Introduction

The Organisation for Economic Cooperation and Development's (OECD's) Inclusive Framework aims to reach an agreement on a multilateral taxation framework for the digitised economy by the end of 2020. This was always an ambitious timeline.

In his testimony to the House Ways and Means Committee on 17 June 2020, US Trade Representative Robert Lighthizer confirmed that the United States has withdrawn its participation from the OECD's digital tax talks, stating as follows:

What we need is a standard tax that takes away the tax planning that a lot of these people go into and is uniform across countries and treats every business fairly… And I think there is some… momentum to do that. But the United States will put in place, I believe it's up to the President, tariffs against these countries if they move forward unilaterally discriminating against American companies.

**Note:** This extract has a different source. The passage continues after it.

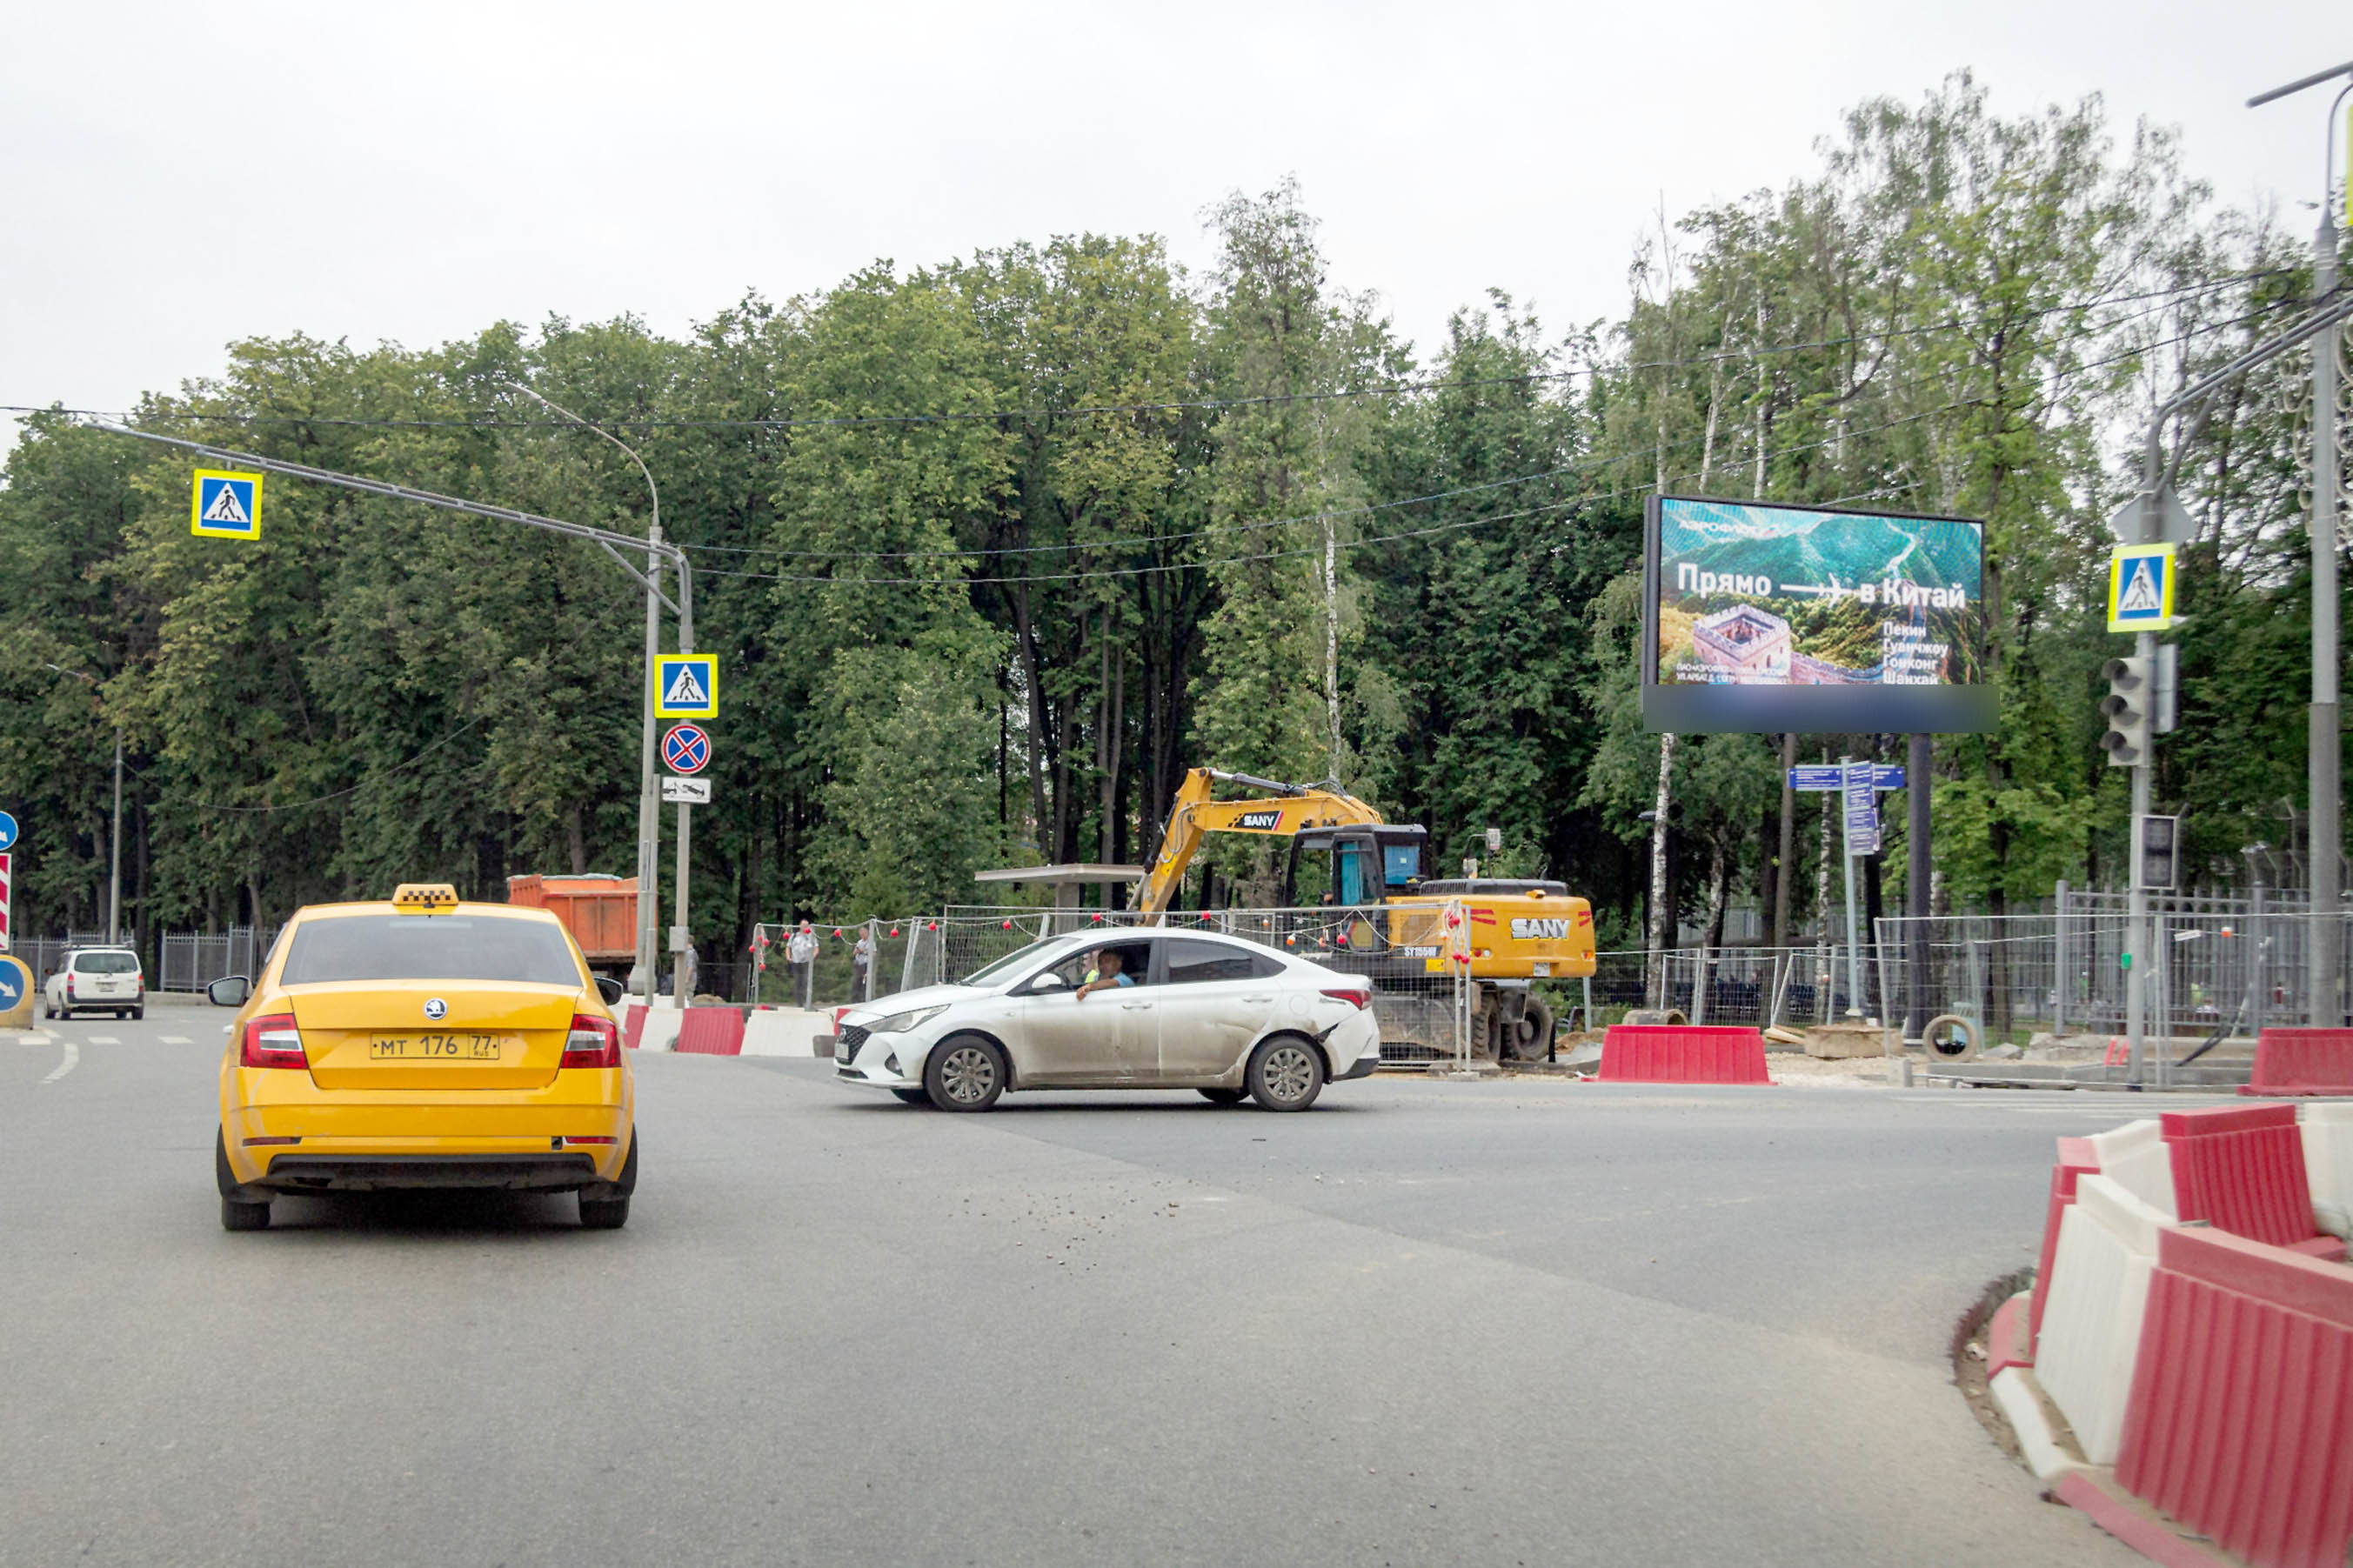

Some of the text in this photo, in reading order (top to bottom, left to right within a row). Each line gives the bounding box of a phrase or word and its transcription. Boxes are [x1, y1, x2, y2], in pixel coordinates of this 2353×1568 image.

The United States' withdrawal from the negotiations is a step towards new tariffs on imports from countries that apply their own digital services tax (DST). Applying Section 301 of the Trade Act 1974, the United States has already found France's 3% DST to be inconsistent with international tax rules and discriminatory against large US tech firms (for further details please see "USTR opens new front in trade wars with proposed France duties"). France suspended the application of its DST shortly after the US finding in return for a US pledge not to impose tariffs on $2.4 billion of French-origin goods.

Trading partners subject to new Section 301 investigation on DSTs

The Trump administration has again resorted to Section 301 of the Trade Act to investigate DSTs under consideration by 10 US trading partners, including the European Union. The legal test under Section 301 is whether the DSTs discriminate against, or burden or restrict the commerce of, the United States.

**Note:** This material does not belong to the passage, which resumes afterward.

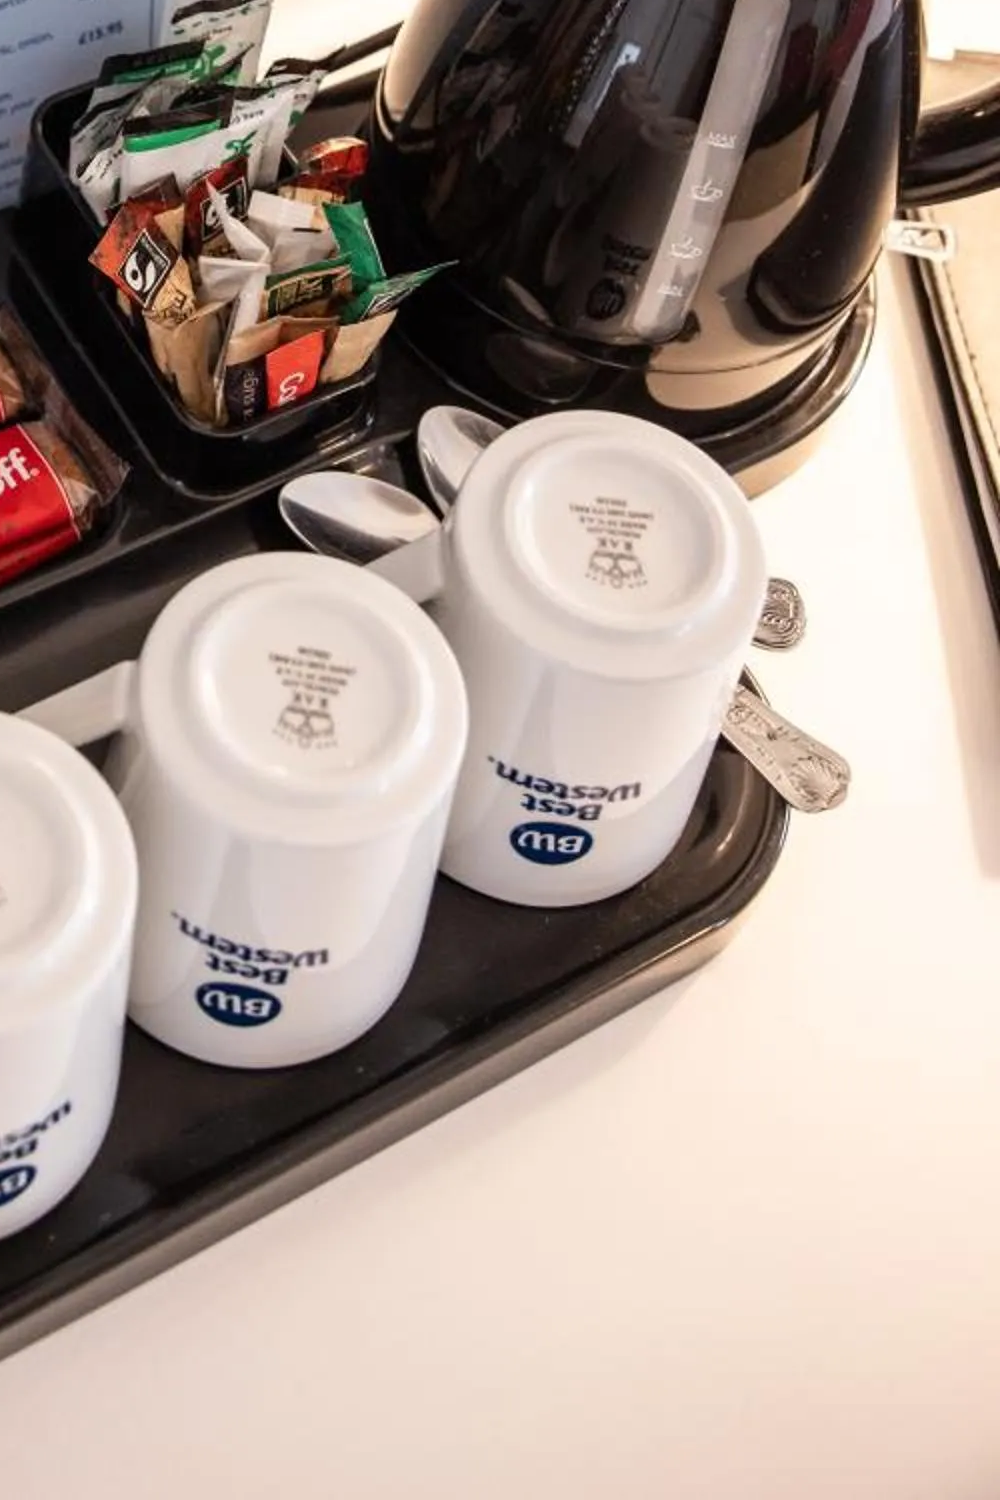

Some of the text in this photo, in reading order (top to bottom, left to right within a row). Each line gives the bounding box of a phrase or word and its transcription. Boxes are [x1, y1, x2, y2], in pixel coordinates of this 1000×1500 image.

[519, 793, 603, 821] Best
[514, 827, 588, 857] BW
[203, 952, 289, 986] Best
[199, 986, 276, 1021] BW

On 2 June 2020 the US Trade Representative (USTR) initiated its new DST Section 301 investigation. The investigation must be completed within one year, but will likely end sooner as several DSTs are already in place and taxes may be levied against US firms. The president has broad authority to retaliate by imposing tariffs, fees or other import restrictions under Section 301, and the recent frequent use of that authority against China and others has shown that the Trump administration is not reluctant to act.

Stakeholders can comment on new investigation

Stakeholders and interested members of the public may submit comments in writing to the USTR by 15 July 2020 addressing the issue in the investigation – in particular:

  • whether the DSTs are unreasonable or discriminatory;
  • the extent to which the DSTs burden or restrict US commerce;
  • whether the DSTs are consistent with obligations under the World Trade Organisation Agreement or any other international agreement; and
  • recommended actions, if any, that the USTR should take in the event of an affirmative finding.

While the USTR has made clear that new tariffs are on the table, agreements could be reached to avoid such escalation. Now that the United States has withdrawn from the international talks, it will likely seek to halt the DSTs one jurisdiction at a time through the imposition of tariffs if and until the United States rejoins the multilateral negotiation.